Ars Moriendi : l'art de mourir , illustration de gravure sur bois en noir et blanc, de 'Cette opérette tracta de l'art de bien mourir, c'est-à-dire in gratia de Dieu', 1503, via Collection Bienvenue
Le fait que l'esprit et le corps externe soient restés pour la plupart intacts a renforcé l'idée que cette maladie et ses symptômes permettaient à celui qui en souffrait de bien mourir, et donc de bien mourir. C'était un concept important au début de la période moderne et au-delà. L'idée de « bien mourir » est incarnée par le concept de L'art de mourir (c'est-à-dire l'art de mourir). Cela découlait d'un texte latin de l'époque moderne, que l'historien Jeffrey Campbell décrit comme une littérature qui offrait à son lecteur […] des conseils sur la bonne mort selon les préceptes chrétiens de la fin du Moyen Âge.
Au cours des siècles suivants, l'idée d'une bonne mort a été largement définie comme un décès paisible et qui a donné aux personnes souffrantes le temps de régler leurs affaires financières, émotionnelles et religieuses. La tuberculose a permis cela car ce n'était pas un tueur instantané. Un patient peut être symptomatique pendant une période prolongée. Un patient diagnostiqué au XIXe siècle pouvait espérer vivre jusqu'à trois ans après le diagnostic initial. Cela aurait permis au patient de finaliser ses testaments et de régler ses éventuelles affaires religieuses de dernière minute. C'était incroyablement important dans l'Angleterre post-réforme où la simple prière ne garantissait plus le salut des personnes profondément redoutées. purgatoire .
Un passage paisible

Fading Away, Henry Peach Robinson , 1858, Le Met
La notion d'une mort planifiée, calme et paisible est incarnée dans Fading Away de Robinson.
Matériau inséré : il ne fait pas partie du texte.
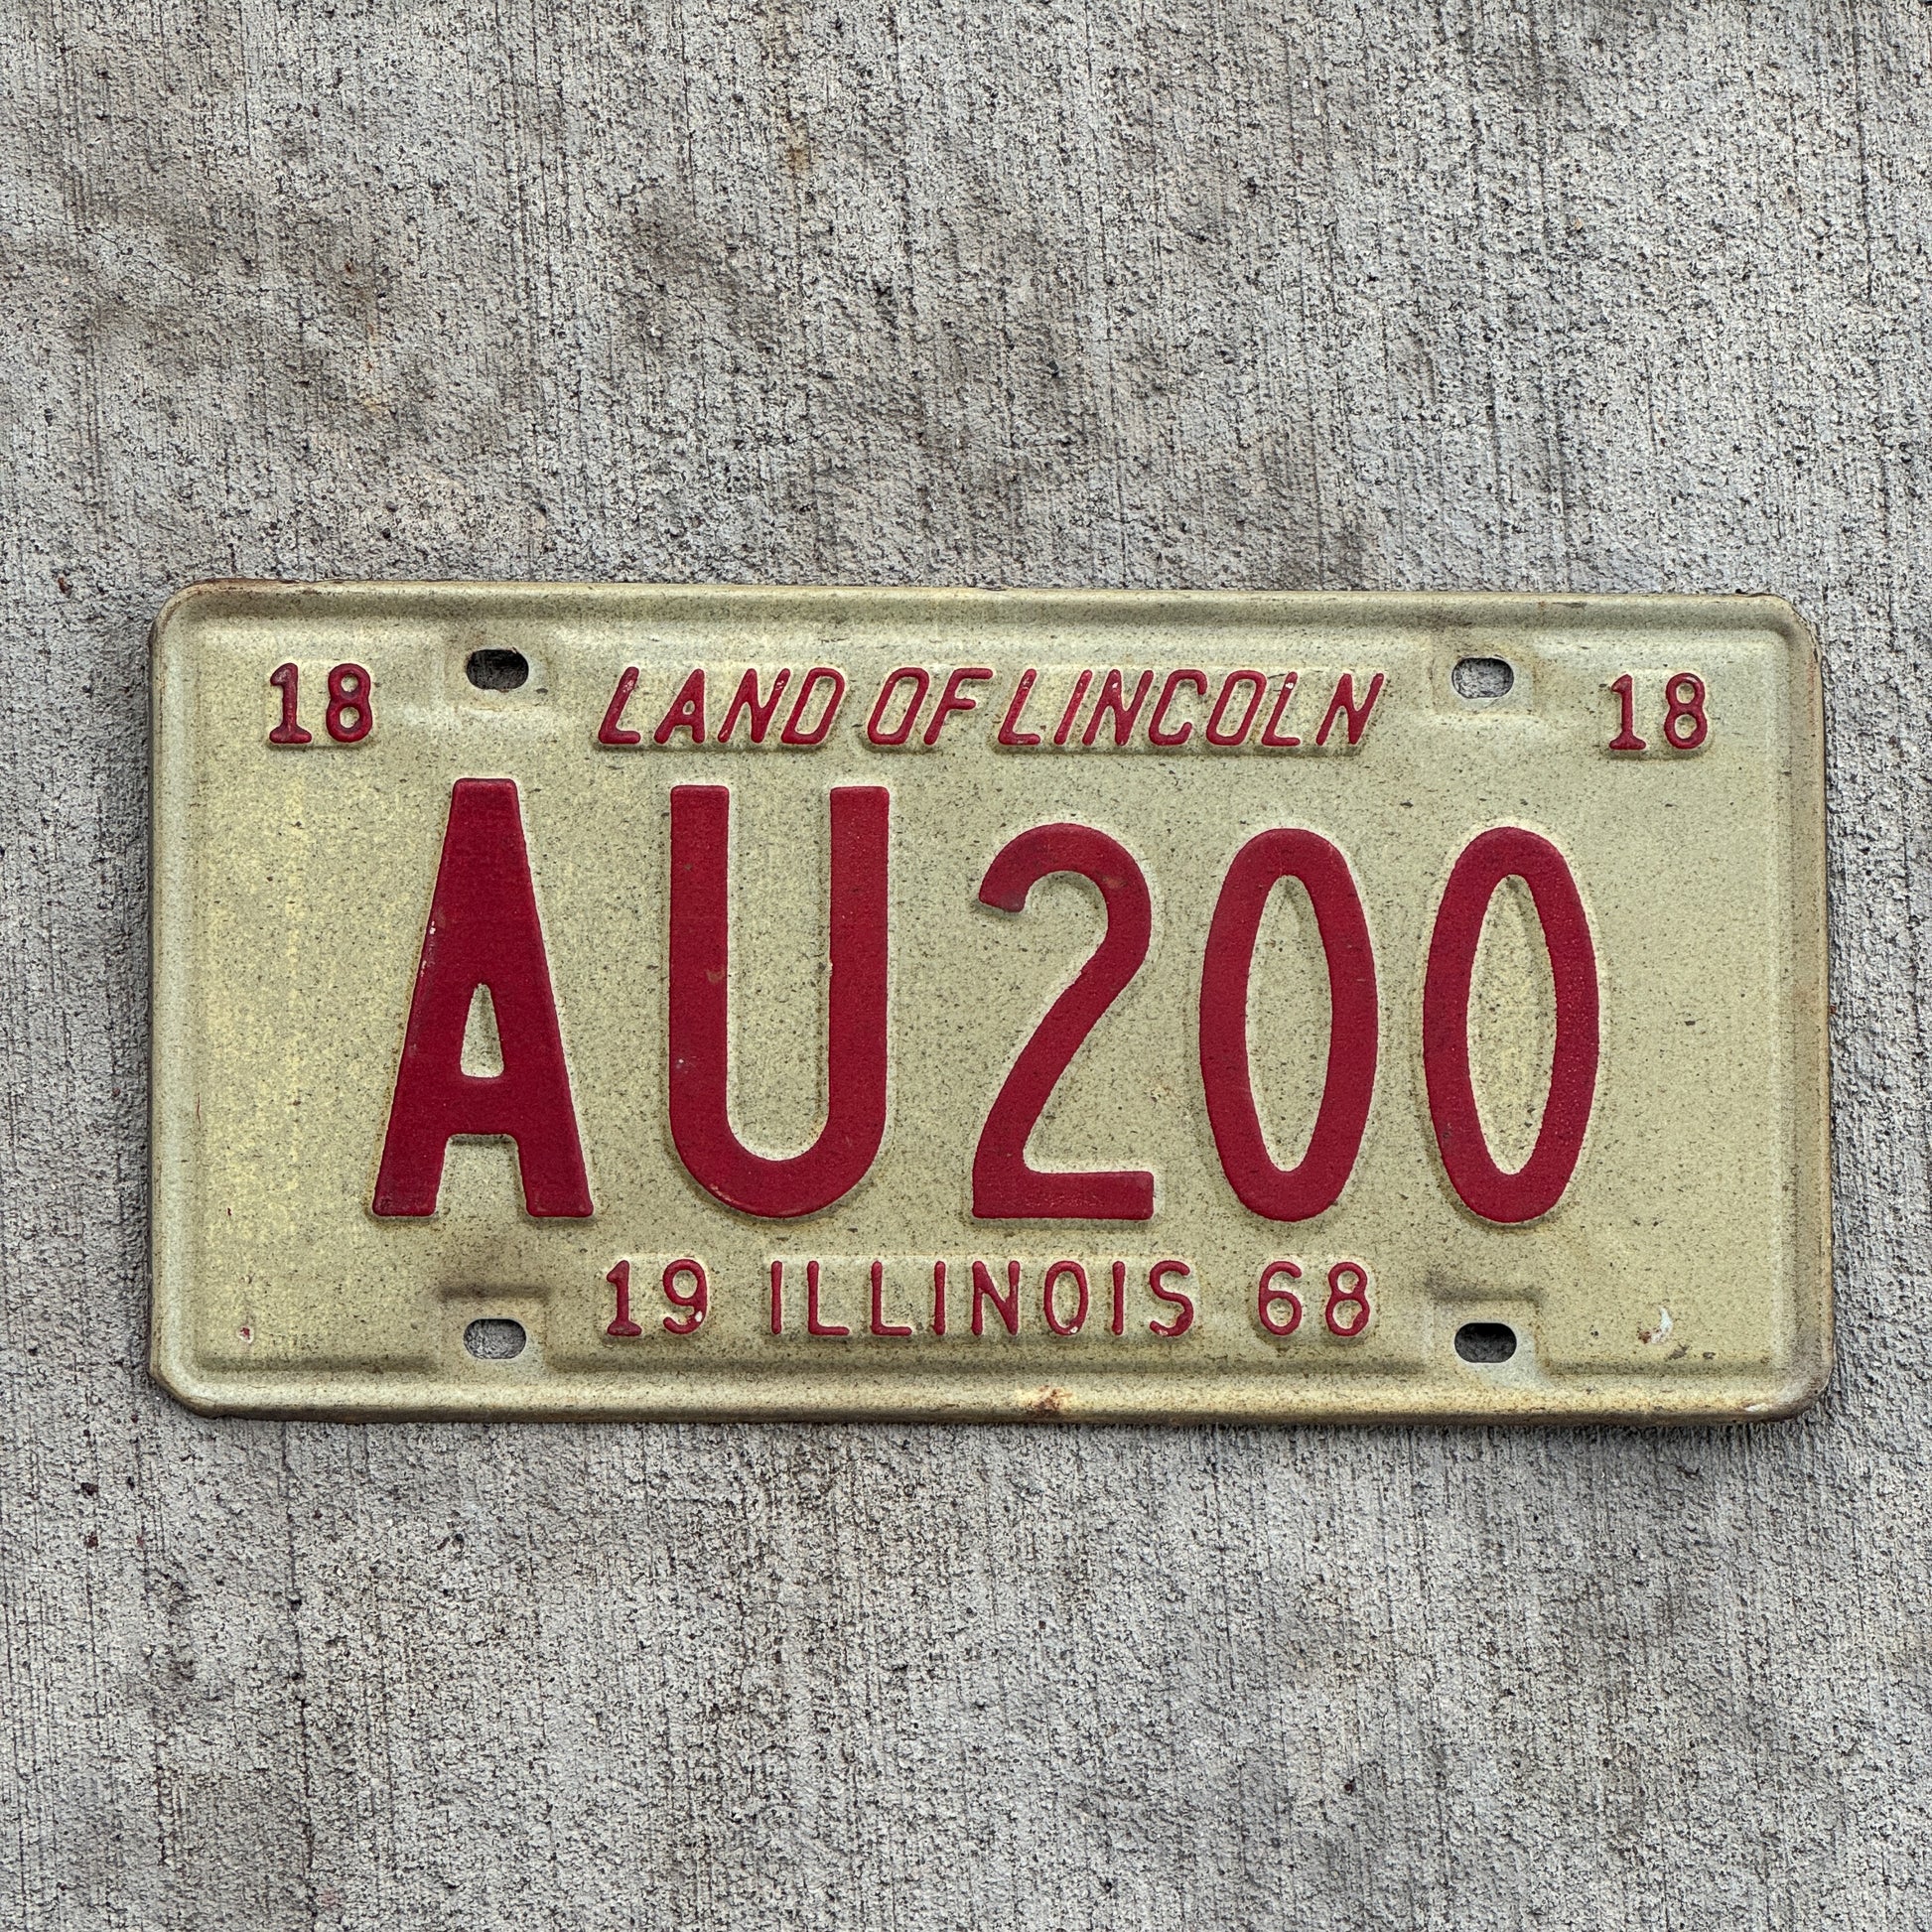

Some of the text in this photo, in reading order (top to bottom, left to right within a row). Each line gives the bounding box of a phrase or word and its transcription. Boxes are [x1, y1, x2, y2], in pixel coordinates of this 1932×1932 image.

[269, 663, 372, 745] 18
[598, 666, 1386, 748] LAND OF LINCOLN
[1608, 672, 1709, 752] 18
[606, 1258, 1372, 1338] 19 ILLINOIS 68
Ce photomontage illustre une vision paisible, presque romantique, de la mort par tuberculose. Fait intéressant, l'exécution de cette œuvre a été calculée et mise en scène pour représenter une fille mourante qui est réconfortée par une mère, une sœur et un fiancé en deuil. Tout comme Rosetti, l'artiste réussit à esthétiser la maladie en la dépeignant comme affligeant paisiblement les jeunes et les belles, tandis que les amis proches et la famille s'occupent des devoirs pratiques et émotionnels de la préparation de sa mort.
Trop beau pour vivre ?

Poète anglais John Keats sur son lit de mort , photographie de Joseph Severn, ca. 1821,Collection de la Fiducie nationale
L'idée de la tuberculose décrite comme une maladie romancée dans les beaux-arts du XIXe siècle reflète une idée qui a été perpétuée par des personnalités littéraires très estimées de l'époque. Des écrivains contemporains tels que John Keats, Percy Shelley, Edgar Allan Poe et Robert Louis Stephenson ont tous écrit à ce sujet, plusieurs d'entre eux mourant eux-mêmes de la maladie. Leurs contributions créatives concernant la maladie ont par conséquent contribué à cimenter la tuberculose comme associée et affligeant les personnes intellectuellement douées.
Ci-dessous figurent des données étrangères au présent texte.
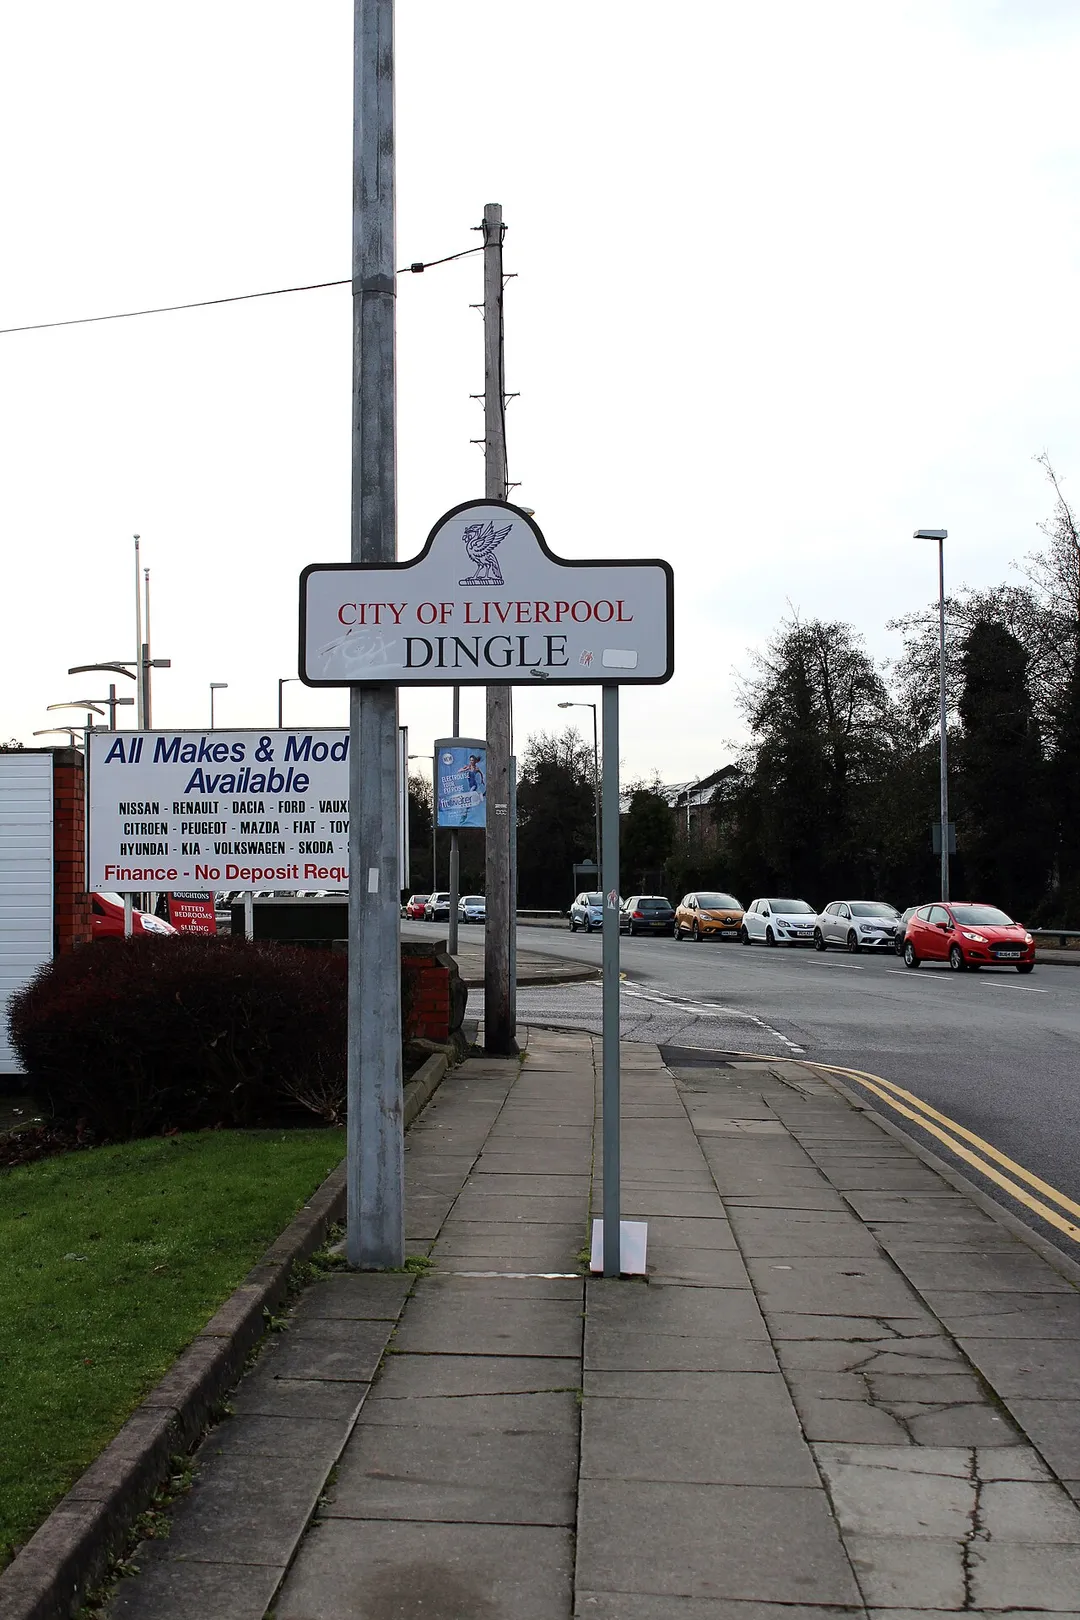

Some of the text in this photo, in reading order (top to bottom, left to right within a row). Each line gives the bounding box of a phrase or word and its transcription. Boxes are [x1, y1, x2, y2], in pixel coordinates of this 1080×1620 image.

[338, 600, 633, 625] CITY OF LIVERPOOL
[403, 635, 569, 668] DINGLE
[104, 737, 143, 763] All
[153, 736, 245, 763] Makes
[254, 735, 275, 762] &
[184, 766, 309, 794] Available
[119, 801, 159, 815] NISSAN
[172, 801, 219, 815] RENAULT
[232, 800, 265, 814] DACIA
[279, 800, 305, 814] FORD
[319, 800, 349, 814] VAUX
[123, 822, 168, 836] CITROEN
[181, 821, 227, 835] PEUGEOT
[240, 820, 280, 834] MAZDA
[293, 820, 316, 834] FIAT
[120, 843, 168, 856] HYUNDAI
[181, 842, 200, 856] KIA
[214, 841, 285, 855] VOLKSWAGEN
[298, 841, 334, 854] SKODA
[104, 864, 177, 881] Finance
[195, 864, 220, 880] No
[225, 864, 299, 883] Deposit
[174, 911, 213, 919] BEDROOMS
[180, 924, 209, 932] SLIDING
Cela a construit un stéréotype de la tuberculose comme affectant la personne savante ou artistique, qui à sa mort était perçue comme dépouillée de sa jeunesse et transformée en une sorte de martyr. Cela a créé ce que l'historienne Katherine Byrne considère comme un stéréotype culturel 'trop beau pour vivre', qui a permis à la maladie d'être perçue comme une bénédiction spirituelle pour les affligés, qui possédaient des forces mortelles pour compenser la faiblesse du corps.
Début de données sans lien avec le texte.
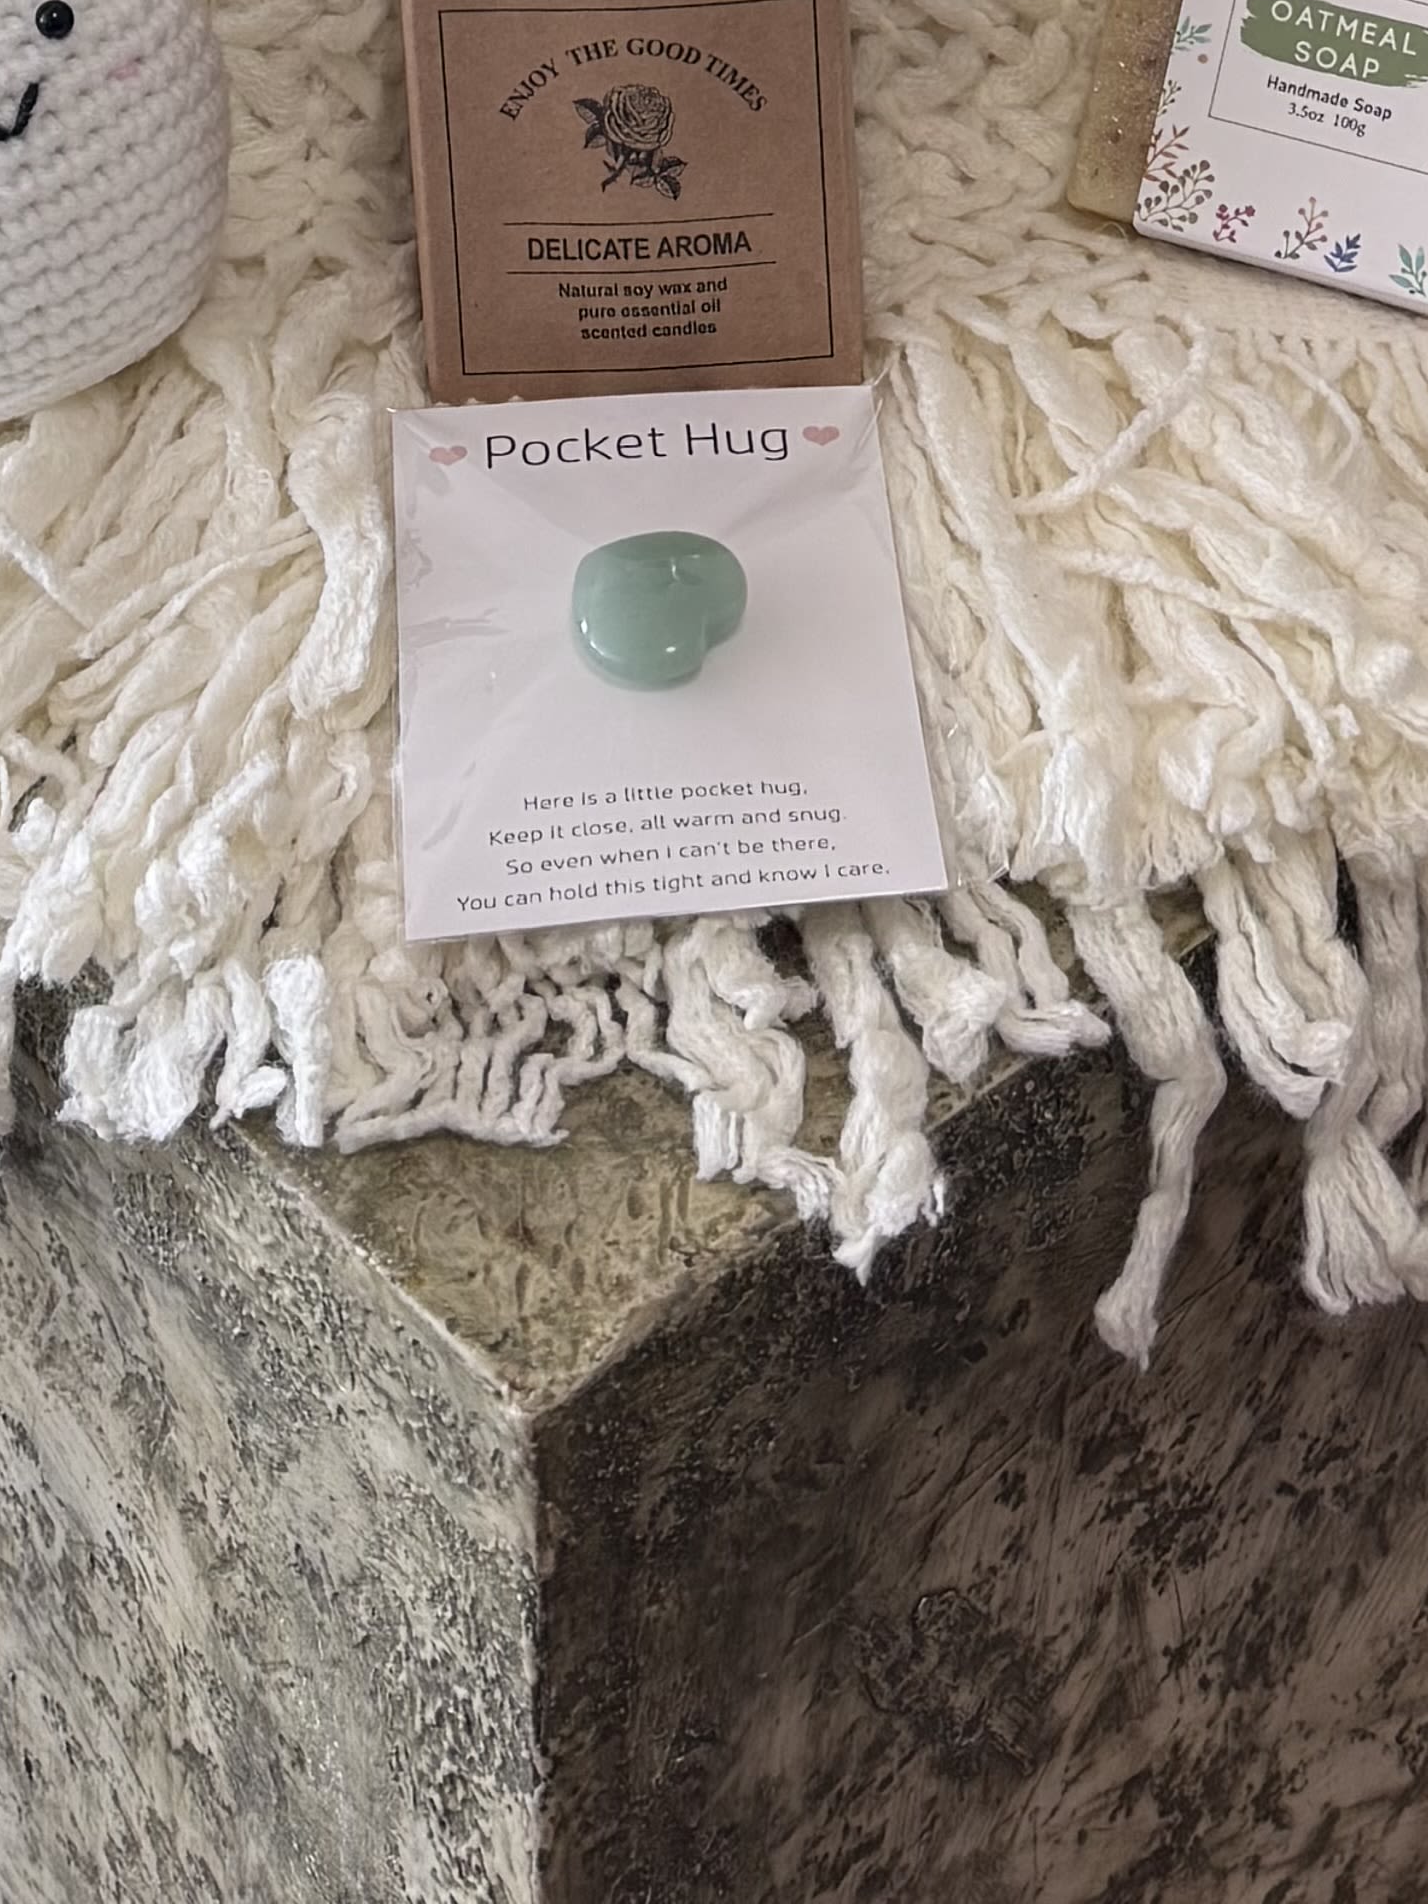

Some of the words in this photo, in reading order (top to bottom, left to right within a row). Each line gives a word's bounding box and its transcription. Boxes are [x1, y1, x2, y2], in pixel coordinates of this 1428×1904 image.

[1270, 0, 1417, 55] OATMEAL
[1293, 40, 1381, 78] SOAP
[499, 58, 560, 121] ENJOY
[565, 39, 619, 67] THE
[626, 37, 702, 65] GOOD
[705, 53, 768, 113] TIMES
[1266, 74, 1349, 108] Handmade
[1353, 97, 1392, 122] Soap
[1287, 102, 1325, 123] 3.5oz
[1333, 114, 1367, 138] 100g
[527, 237, 651, 261] DELICATE
[656, 230, 753, 259] AROMA
[558, 283, 619, 299] Natural
[623, 283, 654, 299] soy
[658, 282, 692, 296] wax
[696, 277, 728, 293] and
[578, 305, 616, 322] pure
[621, 300, 696, 319] essential
[701, 299, 721, 314] oil
[580, 324, 647, 340] scented
[652, 319, 717, 337] candles
[486, 427, 667, 469] Pocket
[685, 422, 789, 461] Hug
[524, 795, 574, 811] Here
[605, 792, 617, 804] a
[624, 787, 673, 803] little
[681, 782, 753, 800] pocket
[489, 829, 544, 846] Keep
[640, 815, 666, 831] all
[673, 813, 734, 829] warm
[741, 808, 782, 824] and
[506, 859, 533, 875] So
[540, 853, 593, 872] even
[599, 847, 660, 866] when
[679, 841, 730, 859] can't
[738, 840, 765, 854] be
[457, 895, 497, 912] You
[504, 892, 542, 907] can
[549, 883, 598, 903] hold
[605, 878, 646, 896] this
[653, 874, 705, 894] tight
[711, 869, 752, 887] and
[758, 867, 817, 883] know
C'était le cas de John Keats qui, après avoir craché du sang à cause de la maladie, a écrit :C'est du sang artériel. Je ne peux pas être trompé dans cette couleur - cette goutte de sang est mon arrêt de mort - je dois mourir! Ce stéréotype du jeune créateur doué mourant tristement d'une maladie associée à l'âme torturée ou artistique est ensuite transféré dans l'art. Par exemple, dans le portrait de Keats sur son lit de mort, il est représenté la tête sereinement couchée sur le côté, les yeux fermés comme s'il dormait. Ici, la tuberculose est romancée non seulement par le statut social du sujet du dessin, mais aussi par la perception sociale de la maladie que le modèle lui-même a contribué à établir.